I had to go inside for a minute, and she barked the entire time, looking at the house, like 'get back out here and take care of this!'  When I got back up and started to pick the possum up with a shovel, I discovered it was 'playing possum.' She could tell the darn thing was still alive! As soon as Clyde realized it, he grabbed it and ran off.   Thought it was funny she didn't take care of it herself, but called for backup instead.

Any thoughts on that?  Is this sort of thing common for a "watcher?"  I figure it was good she recognized the possum as a threat and could tell it was still alive, and it was good she sounded the alarm, but should I be concerned she didn't attempt to dispatch it herself?  She stayed with the possum the entire time until Clyde and I got a clue, so I gotta give her that!


----------



## Latestarter (Jan 21, 2016)

I think she was "calling out" the boys for not finishing the job!   That's too funny!
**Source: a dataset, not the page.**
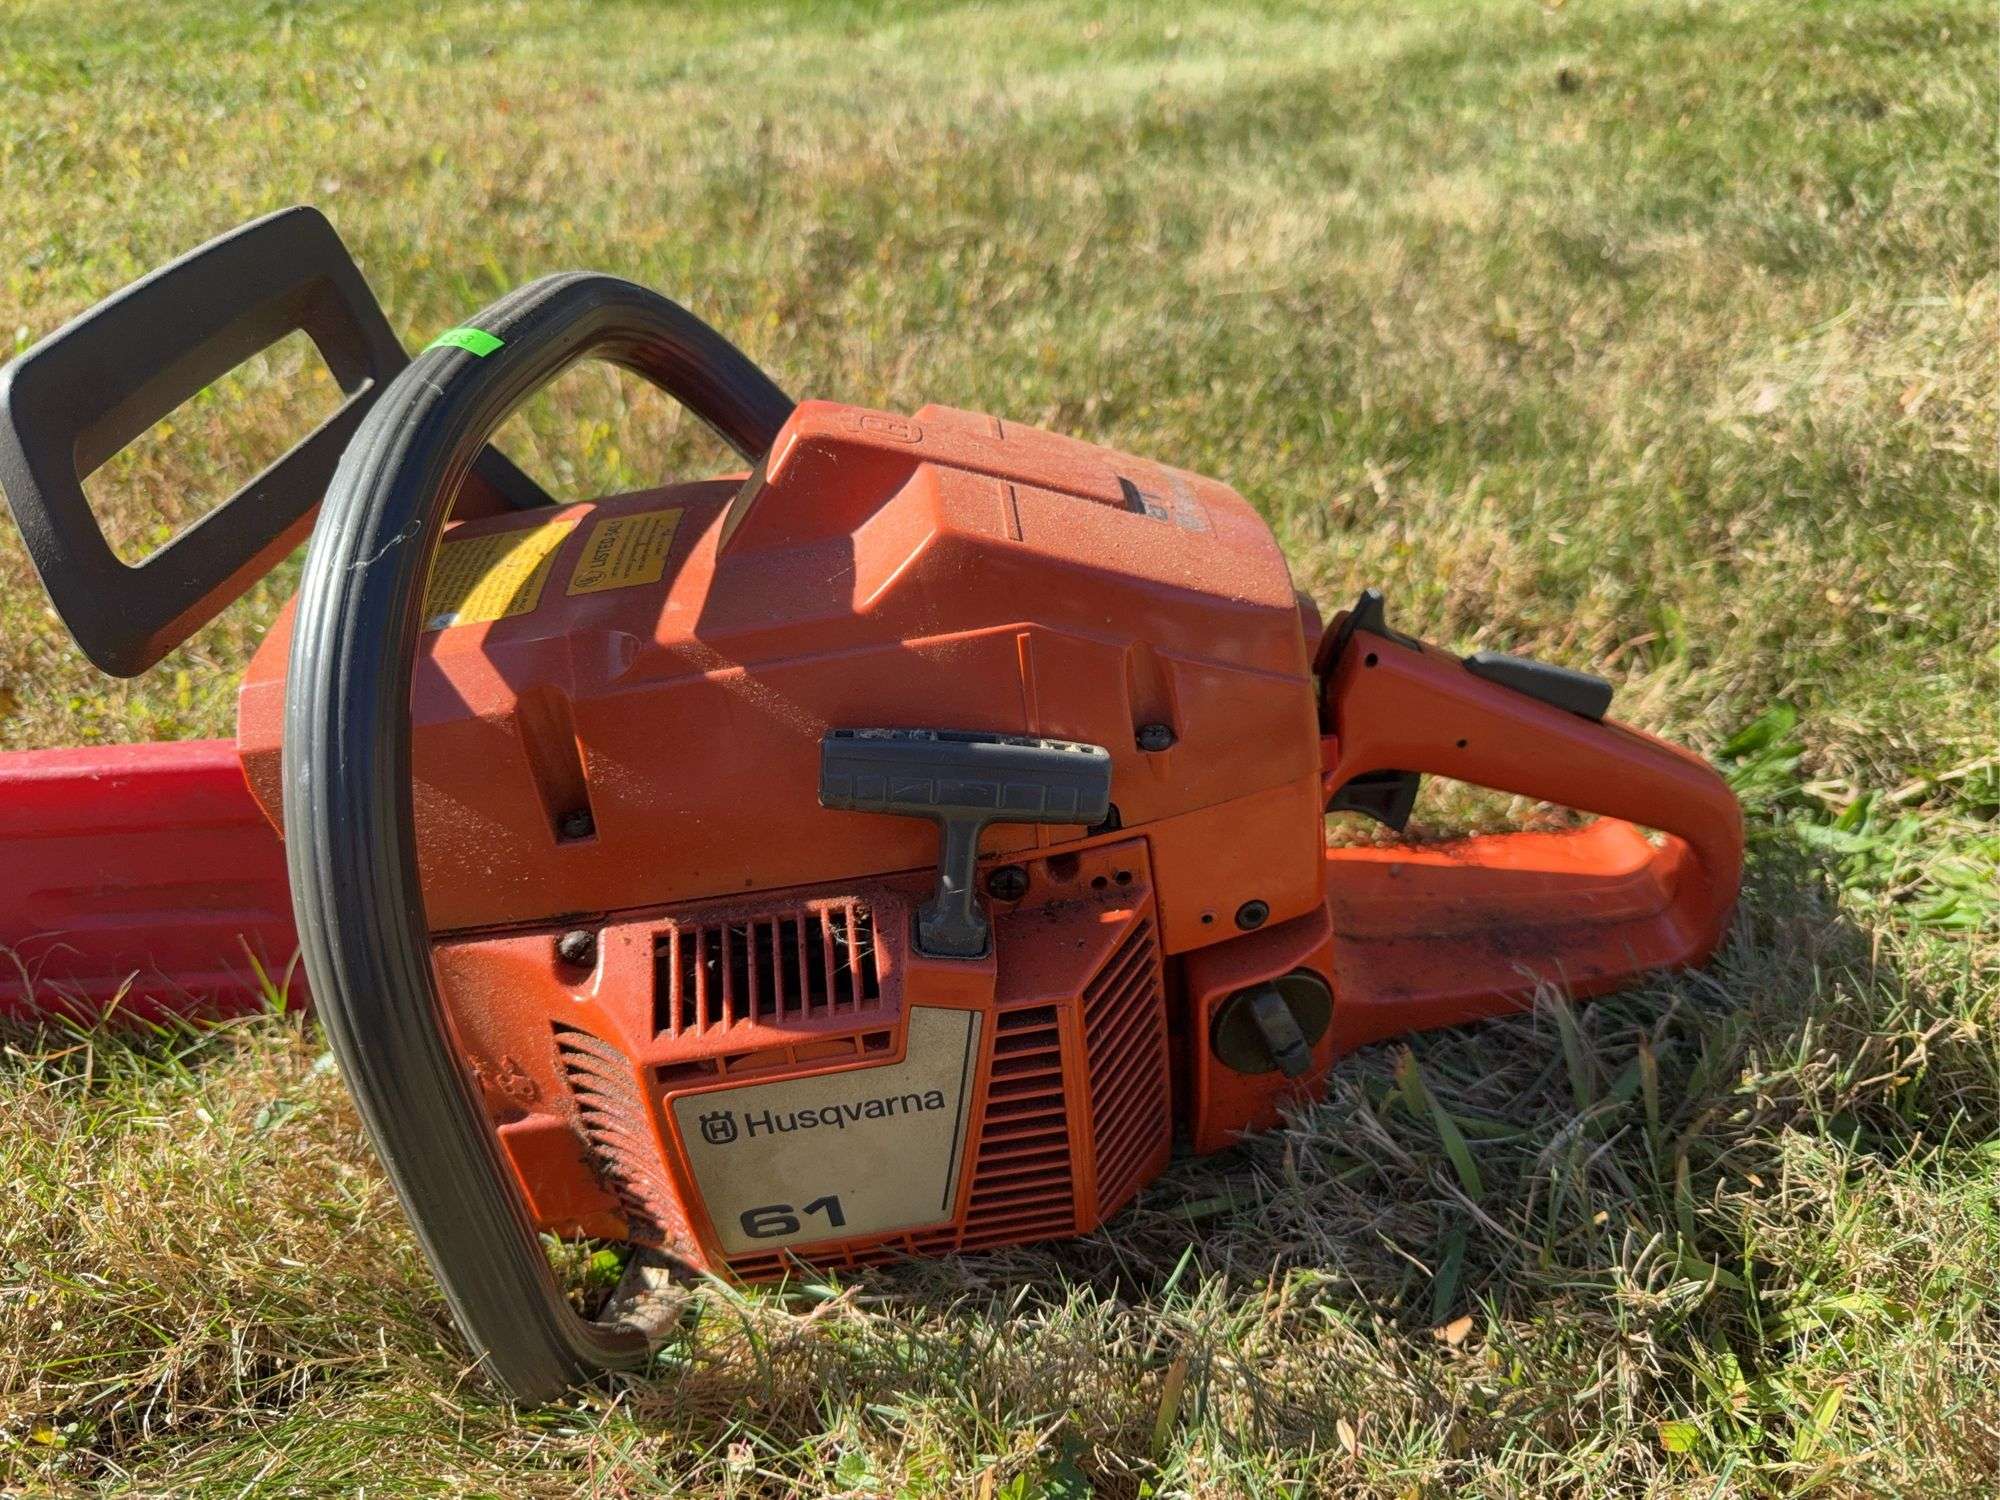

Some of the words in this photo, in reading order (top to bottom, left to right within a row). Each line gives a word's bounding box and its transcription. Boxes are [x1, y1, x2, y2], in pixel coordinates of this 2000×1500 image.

[592, 538, 615, 568] LISTED
[744, 1090, 946, 1137] Husqvarna
[740, 1194, 846, 1238] 61
Did Clyde finally take care of things? Like you said... if she doesn't have killing experience, she may not have been sure that was what was expected of her. Maybe the fact that it wasn't "threatening" her charges and was just lying there playing dead, she didn't see it as a threat worth killing? <--less probable I know... Now that she's actually witnessed Clyde taking care of business, maybe she'll be more apt to follow suit?

Clyde is bigger the Miller, and if she's bigger than Clyde, she's got to be a beast! She's a very pretty girl!


----------



## Southern by choice (Jan 21, 2016)

How old is she?


----------



## HoneyDreameMomma (Jan 21, 2016)

She's almost 10 months old - she'll will be a year old in April, and yes, she is already a very big girl! 



Latestarter said:


> I think she was "calling out" the boys for not finishing the job!


----------



## HoneyDreameMomma (Jan 21, 2016)

Update:  Avery went back to the possum site several times today, sniffing around and making sure the possum was in fact gone.  Hoping she has the basic idea.  Unfortunately, Clyde occasionally likes to play with his kills, which is what he did this morning when he ran off with the possum. I'm guessing that doesn't help when we're trying to train Avery how to dispatch quick and efficiently.  I ended up taking the possum away from Clyde to dispatch of it quicker.  I hope that was an appropriate thing to do.  I really dislike possums, but I don't like the idea of any animal being teased and toyed with for hours on end before they finally die.


----------



## Southern by choice (Jan 21, 2016)

A normal LGD kill is a quick snap of the neck on a small animal like possum. The playing with is not appropriate. It is one thing for them to want to take it and "possess" it... like it's reward. Most LGD's will eat their small kills. We like them to leave it after the kill so we know what it was.  

I think more than likely she just is not mature enough to know what to do with it. Some dogs take longer than others... not unusual and VERY NORMAL. She will get the hang of it.

Females are usually the first to the "intruder" so this is interesting. The males generally like to come finish it off.

Very cool she barked and barked... she knew it wasn't dead. 

Once ours know it's dead they could care less. 
Kinda like- yep- job's done here... everyone back to normal- nothing more to see here.


----------



## Poka_Doodle (Jan 21, 2016)

So cute


----------